About this task> Copy the data below exactly, omitting any picture it contains.

Entries shown>
--- START ---

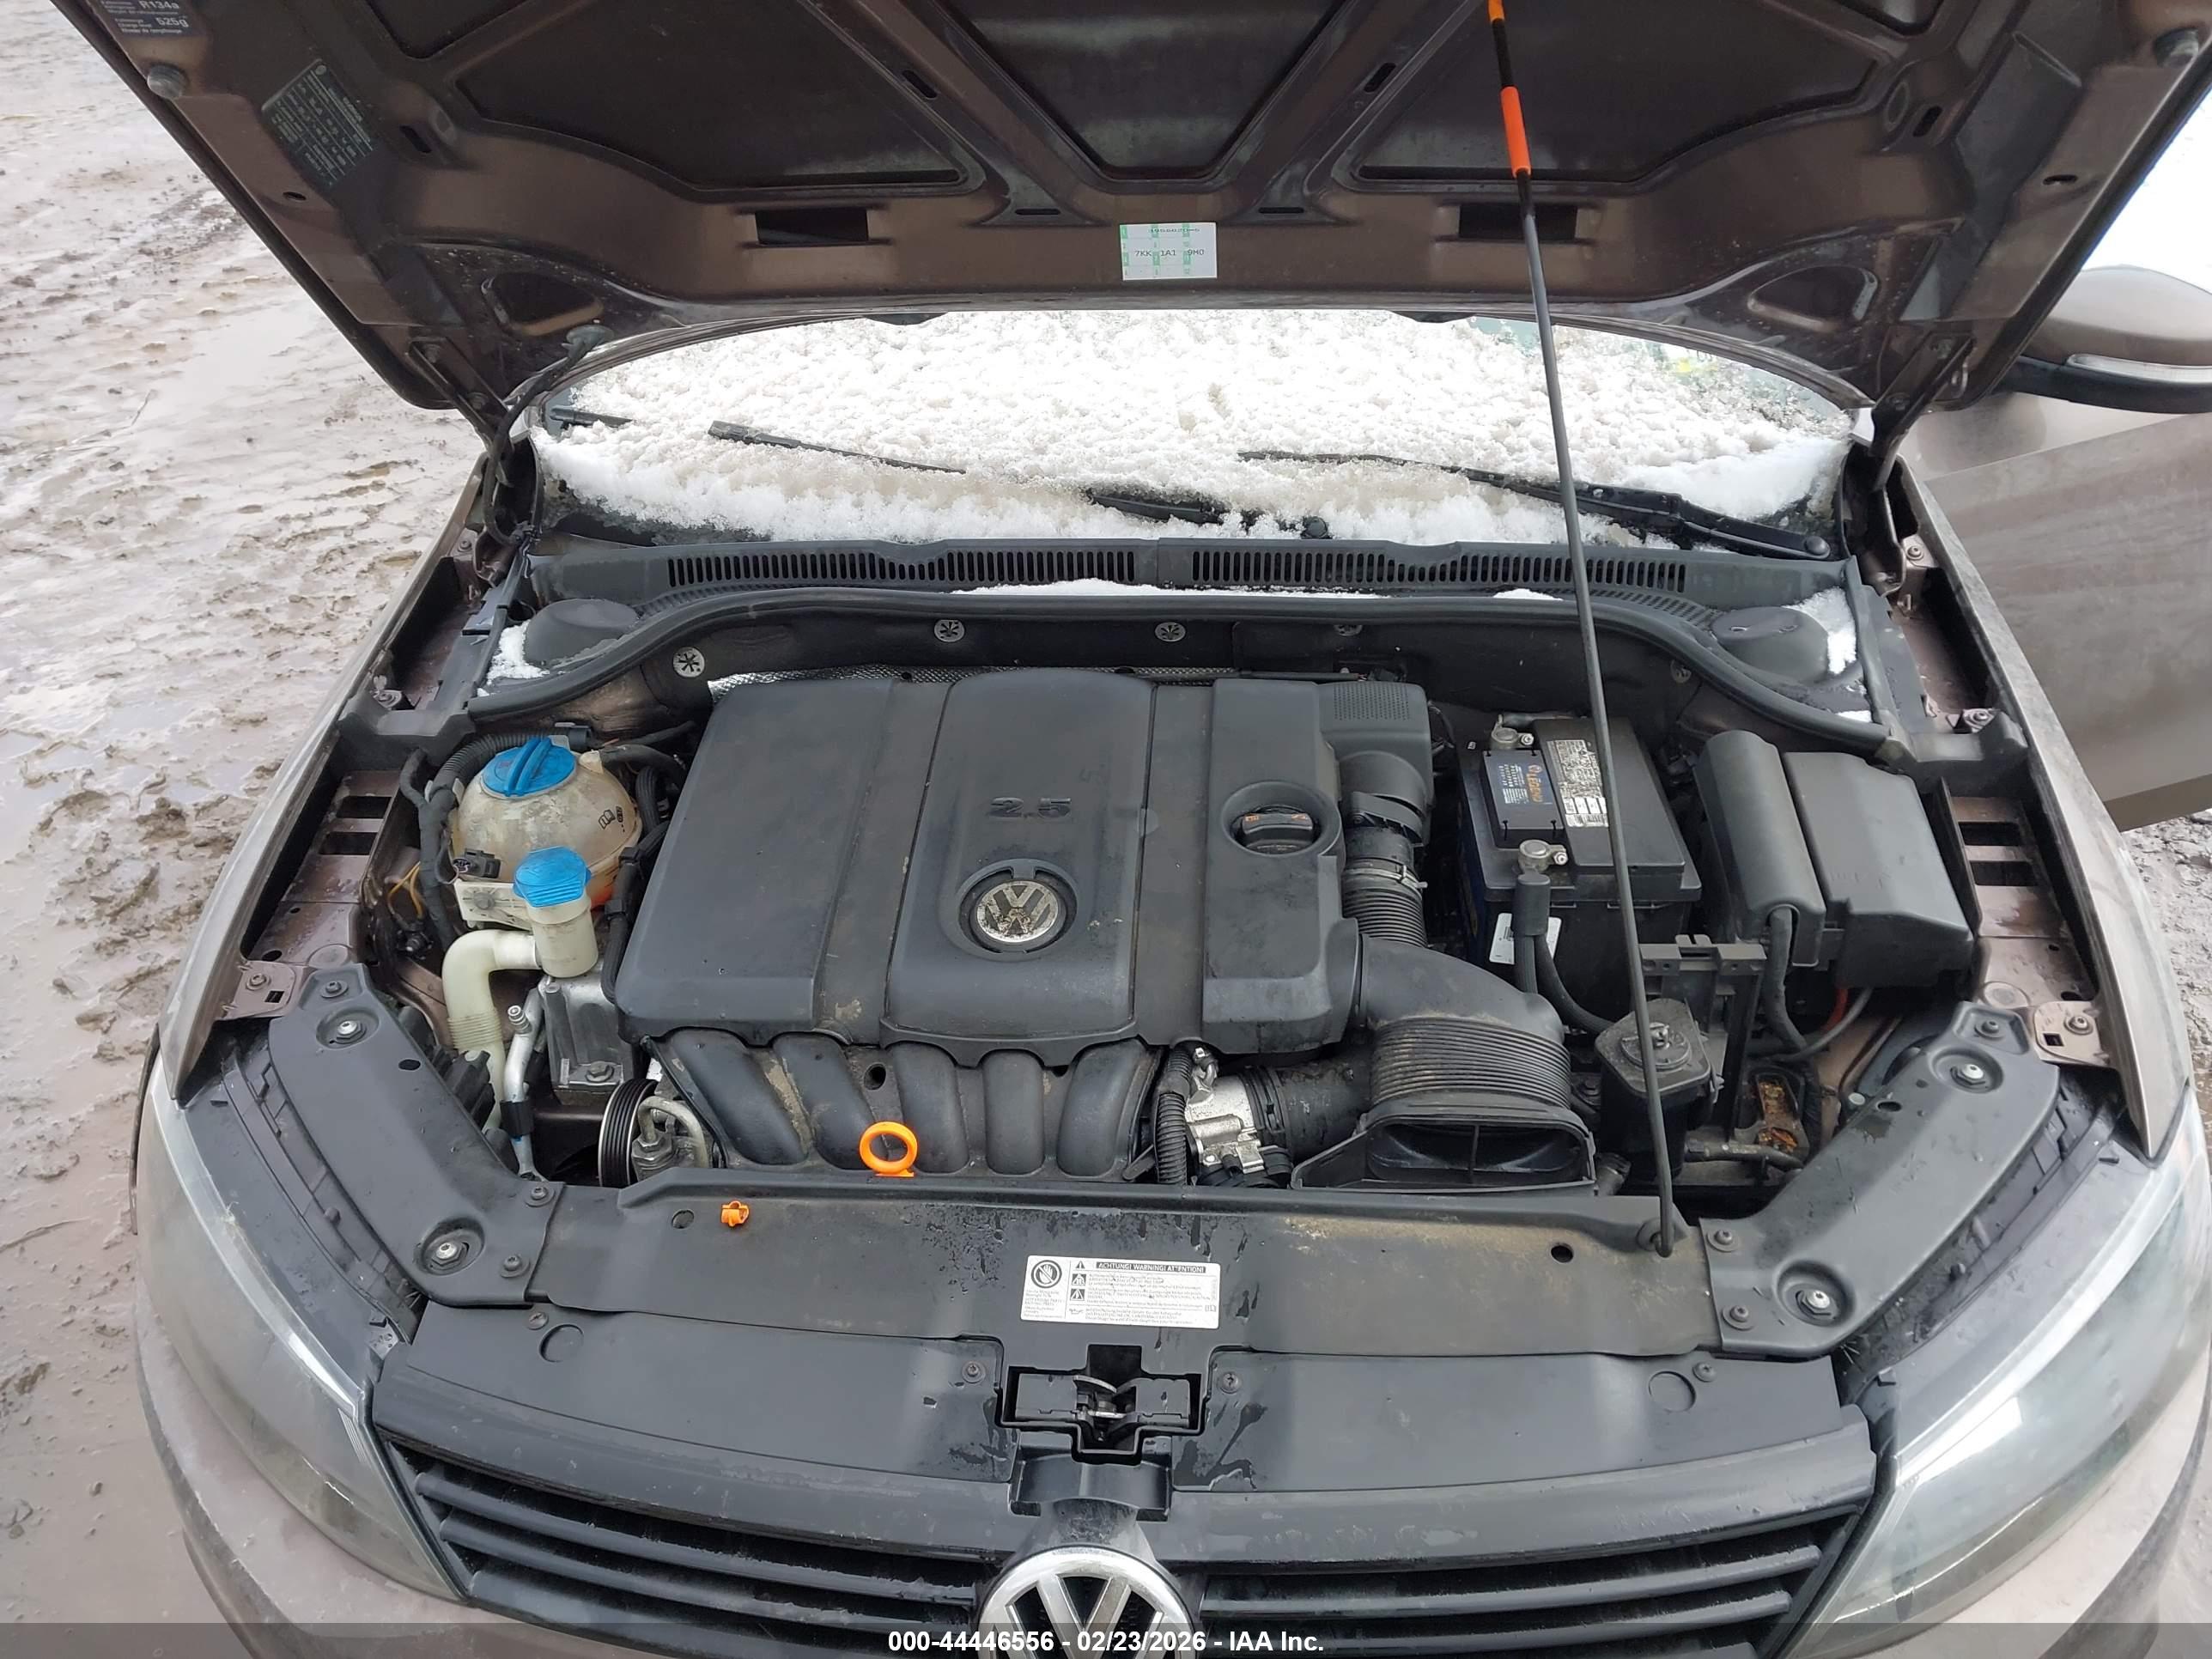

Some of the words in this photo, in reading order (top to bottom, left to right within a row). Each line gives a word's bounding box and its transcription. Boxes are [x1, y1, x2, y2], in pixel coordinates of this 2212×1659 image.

[139, 1, 179, 9] R134a
[988, 796, 1073, 818] 2.5
[977, 880, 1059, 943] VW
[1098, 1262, 1133, 1271] ACHTUNG!
[1133, 1263, 1167, 1272] WARNING!
[1167, 1265, 1205, 1273] ATTENTION!

--- END ---

Output>
Some of the words in this photo, in reading order (top to bottom, left to right within a row). Each line gives a word's bounding box and its transcription. Boxes are [x1, y1, x2, y2], in pixel coordinates of this 2212×1659 image.

[139, 1, 179, 9] R134a
[988, 796, 1073, 818] 2.5
[977, 880, 1059, 943] VW
[1098, 1262, 1133, 1271] ACHTUNG!
[1133, 1263, 1167, 1272] WARNING!
[1167, 1265, 1205, 1273] ATTENTION!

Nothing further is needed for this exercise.